15 sep. 2014 · 0 keer gelezen · 0 keer geliket

Ik kwam binnen, keek rond en zoals altijd zag ik het eerste ogenblik niemand, verblind door de collectief op mij gerichte ogen. Dan heb ik altijd de neiging om het heel stil uit te schreeuwen: ‘Ik heb jullie niets gevraagd!’ Ik voel me dan een indringer die binnenvalt in een groep onbekenden en als een vreemd element het biologische systeem van hun biotoop uit zijn evenwicht brengt. Ik probeerde me duidelijk voor ogen te houden dat ik omringd was door patiënten en dat die met verdubbelde spontaneïteit de wereld inkijken. Zo rustig mogelijk hield ik dus de blikken van mijn lijf tot ikzelf op een stoel zat, zij mij integreerden als deel van het verstoord interieur, de ogen van mij wegdraaiden en ik op mijn beurt kon meekijken naar diegenen die binnen en buiten liepen. Wel ging er op dat ogenblik niemand binnen of buiten. De muren waren hardblauw geschilderd om je in de diepste kelders van de oceaan te wanen. Een plafond zo hoog dat de afgebladderde verfkrullen nauwelijks opvielen. Stevige tafels en stoelen, bestand tegen een dreun.

 

'Ze is gedempt blond en niet onaardig. Haar leeftijd? Veertig, ze verjaart in juni. Een gemiddelde gestalte. Mollig, maar niet wat men dik kan noemen. Geëpileerde wenkbrauwen, althans toen ze nog thuis was. Naast de mond heeft ze een verbleekt, haast onopvallend litteken.

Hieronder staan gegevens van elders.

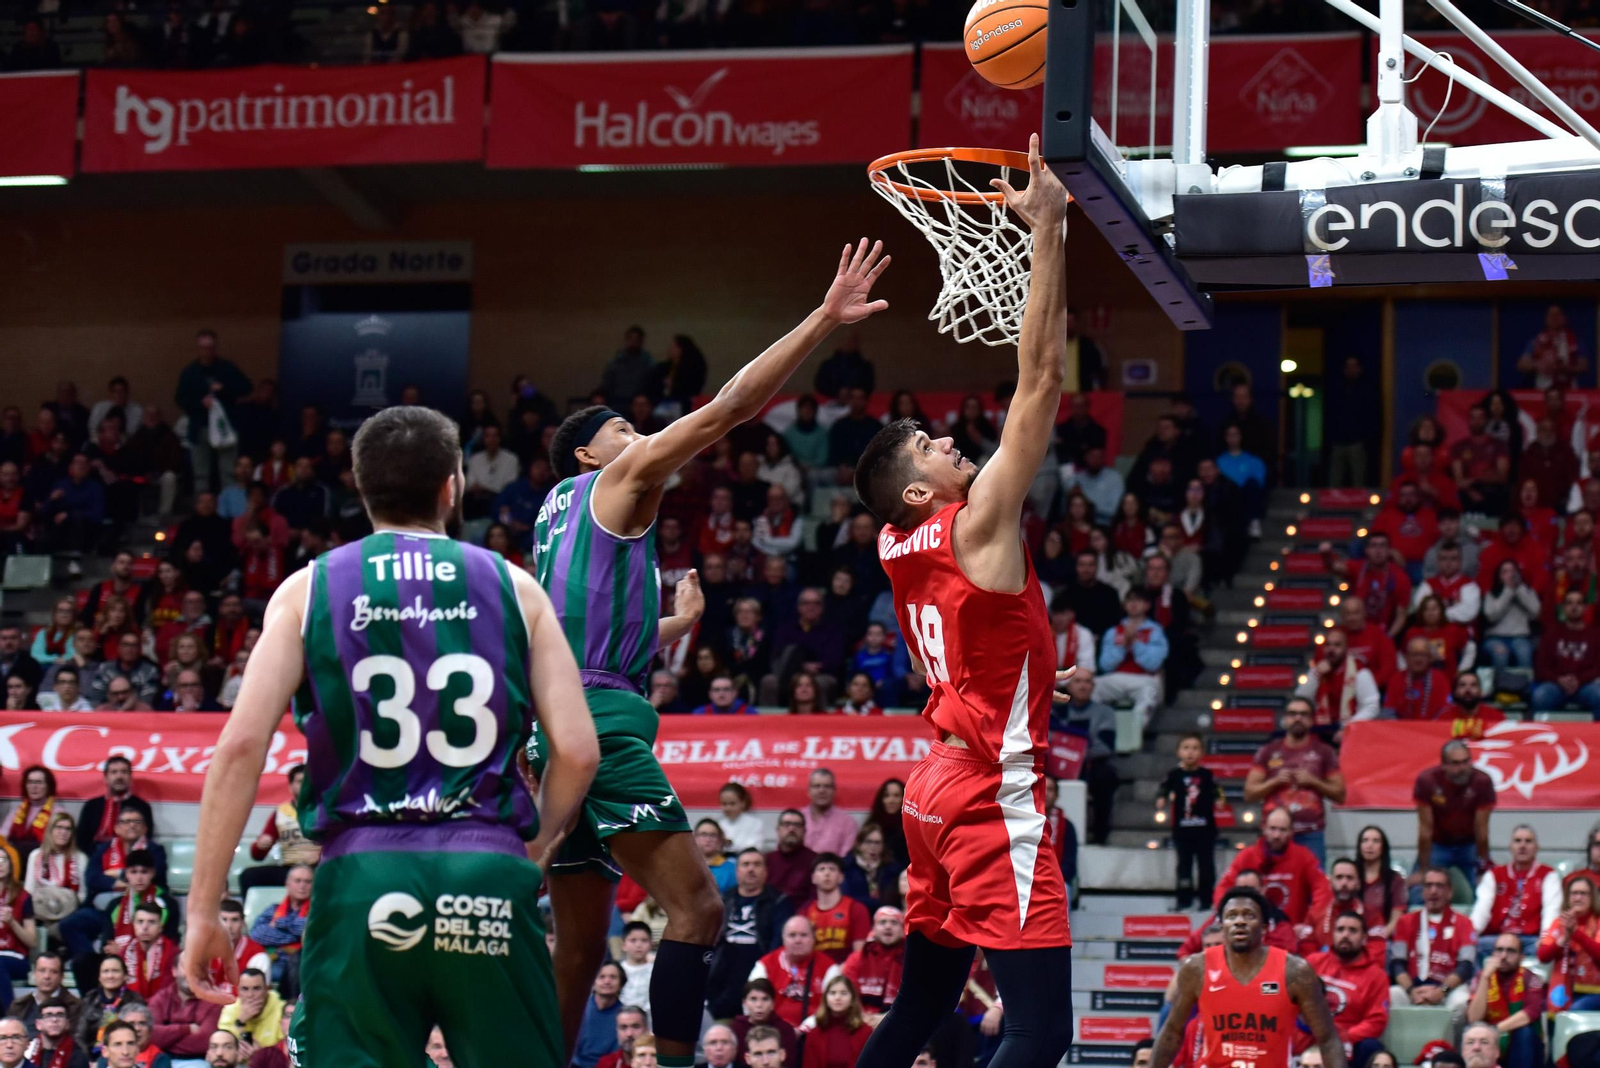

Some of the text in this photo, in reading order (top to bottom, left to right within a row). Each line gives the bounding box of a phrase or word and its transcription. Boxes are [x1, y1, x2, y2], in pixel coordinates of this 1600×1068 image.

[983, 18, 1023, 42] endesa
[175, 75, 455, 147] patrimonial
[291, 250, 464, 274] Grada Norte
[535, 488, 576, 527] aylor
[368, 551, 457, 582] Tillie
[906, 603, 951, 685] 19
[351, 652, 499, 769] 33
[773, 741, 800, 754] DE
[802, 735, 931, 761] LEVAN
[435, 894, 513, 920] COSTA
[434, 917, 512, 939] DEL SOL
[433, 935, 510, 957] MÁLAGA
[1212, 1012, 1278, 1033] UCAM
[1221, 1031, 1267, 1043] MURCIA
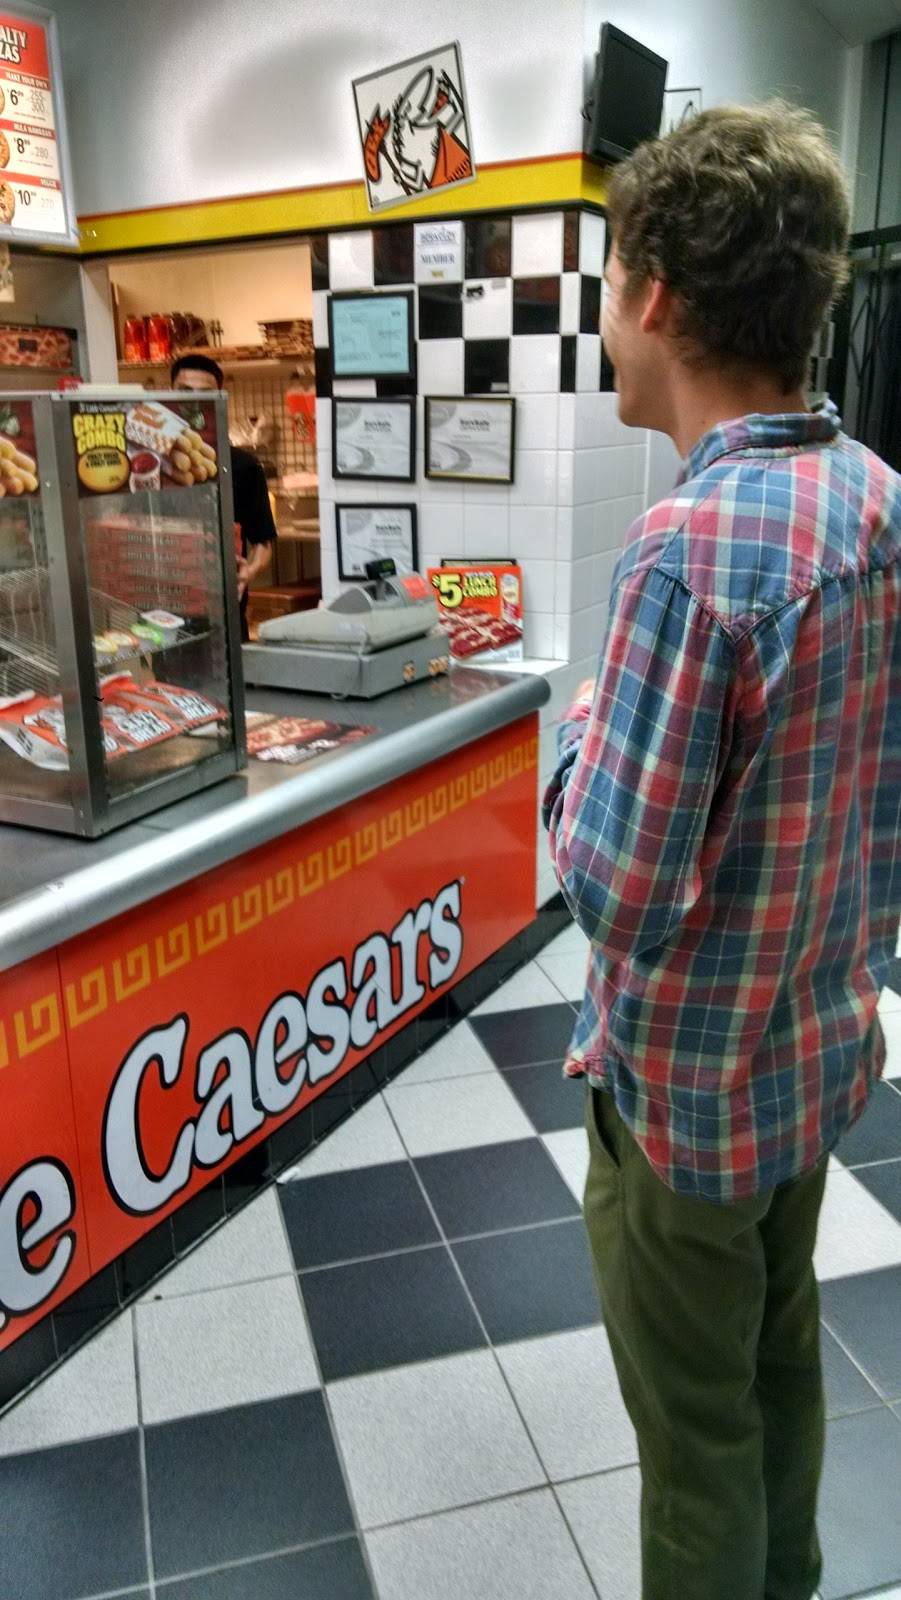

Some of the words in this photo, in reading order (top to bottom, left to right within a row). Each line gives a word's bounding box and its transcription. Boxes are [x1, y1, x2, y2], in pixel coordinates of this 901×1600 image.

[73, 413, 126, 438] CRAZY
[76, 430, 126, 455] COMBO
[431, 573, 462, 606] $5
[102, 880, 464, 1217] Caesars

Zelf denkt ze dat het van de waterpokken is die ze als kind had.'

Met die signalementen moest ik het zien te rooien. Om te beginnen was er niemand onder de vier aanwezige vrouwen die niet onaardig was. Buiten die ene ginder, die hád wel iets. Waren het hun jaarringen? Ik zag een floers hun gezichten bedekken, die de versheid aantast. Misschien was de stroming in de bloedbaan gaan vertragen. Of zat het in het hoofd? Goed mogelijk dat ze zich tussen de stangen van vicieuze cirkels ingekooid voelden, gegijzeld in eigen lichaam met soms heftige dromen om er uit te stappen. Waanzin puilt langs de ogen naar buiten, wordt beweerd. Aan een van de tafels zat een dame, het haar vlekkeloos zwart als de nacht en keurig gekapt rond de oren. Ze had een lieflijk gezicht, geteisterd door de zenuwen en de medicamenten. Ze had gezelschap van een man die zijn uitstraling haalde uit zijn lederen laarzen waarvan de schachten tot aan de knieën reikten. Zij glimlachte sporadisch. Maar die emoties welden niet uit haar binnenste op. Het waren de spieren van de mondhoeken die zich verplaatsten. Ik hoorde hen gedempt praten.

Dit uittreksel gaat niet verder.